For this project, Lohman excavated cookbooks spanning two centuries of cooking in America. She mapped the frequency with which particular words appeared, and eight flavors emerged as ones that had enjoyed a surge of popularity and maintained their grip.
Lohman tracks those ingredients from fields to factories to plates. And while hers is indeed a story about eight flavors—among them, vanilla, curry powder, garlic, and MSG—it’s also a profile of the citizens who, often unknowingly, plotted the course of the American palate. These people, Lohman notes, “don’t usually get a place in the history books.”
But they’re at the center of this one. In its pages, readers meet enterprising New England merchants who launched the black pepper boom after the Revolutionary War, and Edmond Albius, an enslaved man who hatched a mechanism for hand-pollinating vanilla vines.

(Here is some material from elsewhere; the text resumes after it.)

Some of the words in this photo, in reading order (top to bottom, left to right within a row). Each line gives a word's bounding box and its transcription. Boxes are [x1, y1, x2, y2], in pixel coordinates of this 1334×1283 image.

Readers tag along on Lohman’s tour of the sprawling, garlic-infused Huy Fong Sriracha factory near Los Angeles, which churns out 7,500 bottles per hour in varying hues of red and orange. “Here, sewn around Southern California, a refugee from Vietnam made a Thai-style chili sauce, that’s produced by Mexican labor, and has seduced a nation,” Lohman writes. “It’s a story more American than apple pie.”

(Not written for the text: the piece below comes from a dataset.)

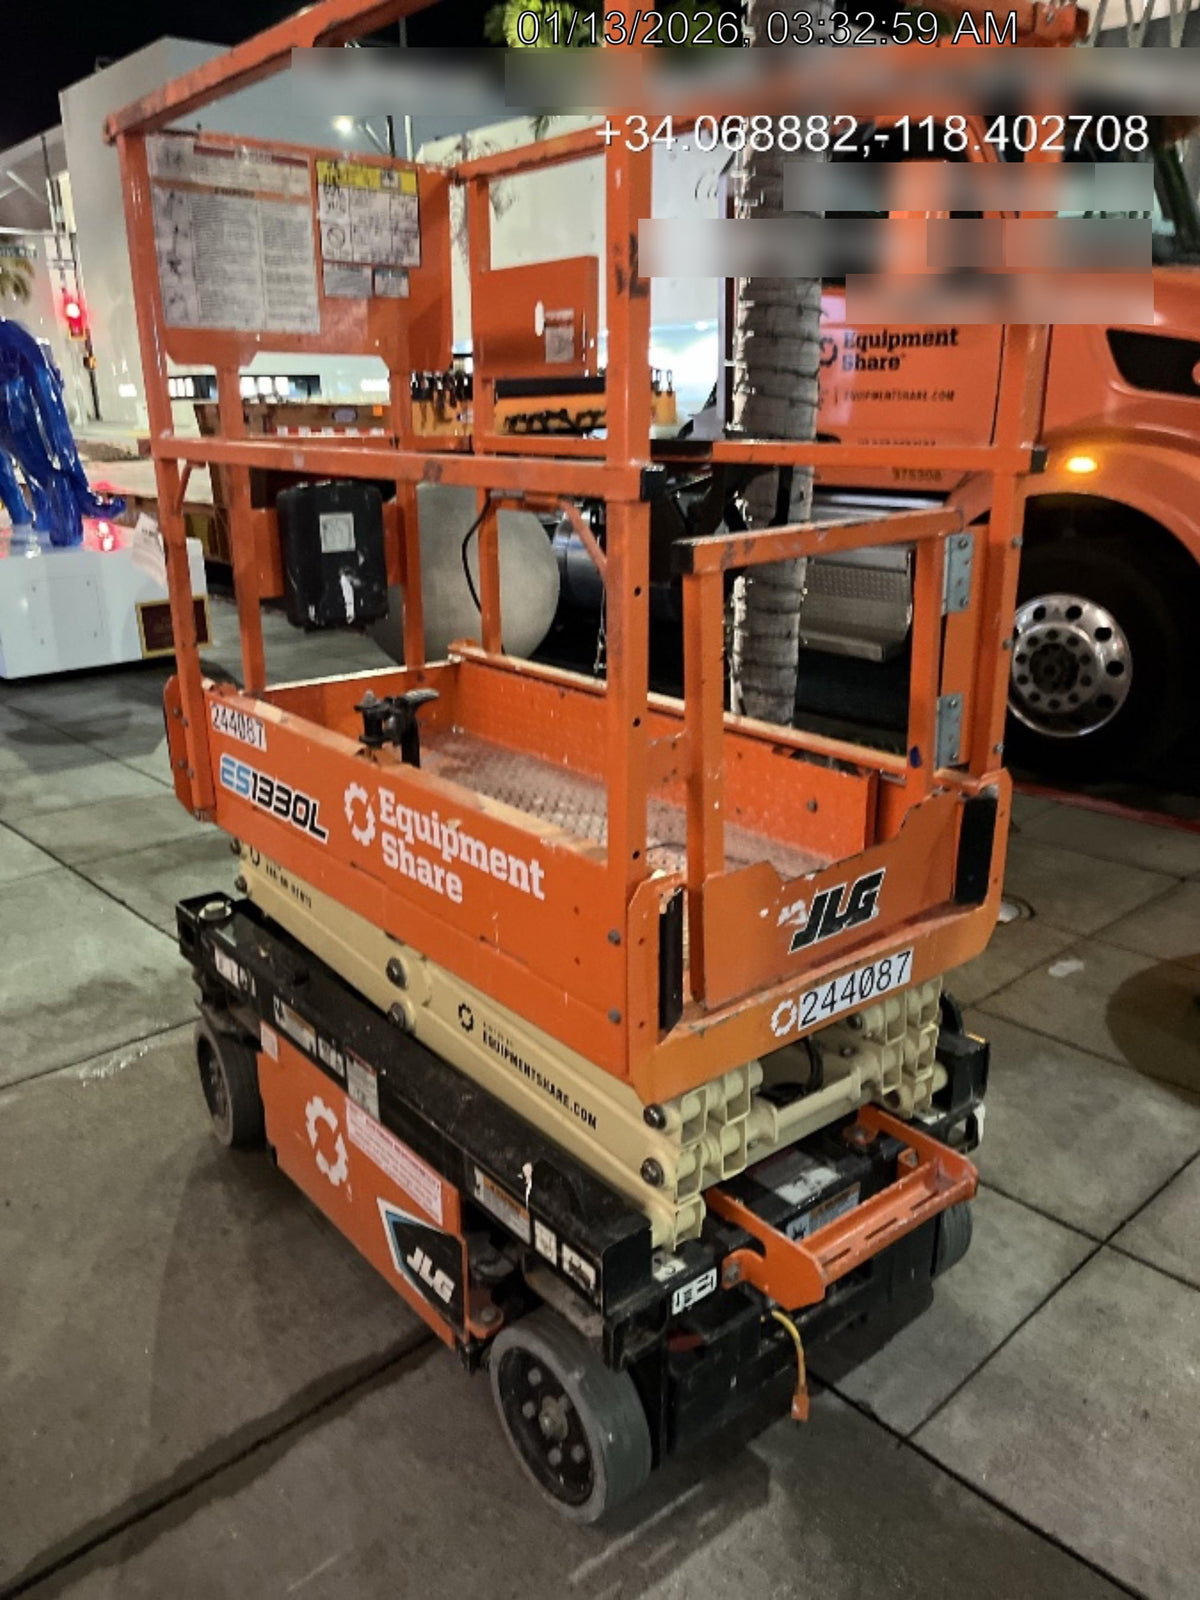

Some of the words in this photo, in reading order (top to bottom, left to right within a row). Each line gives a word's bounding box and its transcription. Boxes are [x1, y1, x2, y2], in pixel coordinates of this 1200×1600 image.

As she wove across the country, Lohman grafted the flavors she encountered onto a quilted map: one patch for the traders who manned ships stocked with black pepper; another for San Antonio’s German immigrants, who transformed chili. Predicting future stalwarts, she writes, is “a little bit like soothsaying,” because the country’s identities are in constant flux. Lohman conjures a cloud of possible answers, including matcha, smoke, and rose water. Whatever’s on the plate will reflect tastes and histories. “The flavors that Americans choose to add to their pantries will say something about who we are as a country,” Lohman writes.
CityLab chatted with Lohman about the book, and how demographic shifts have affected what’s on American plates.
Why focus on flavors, rather than dishes?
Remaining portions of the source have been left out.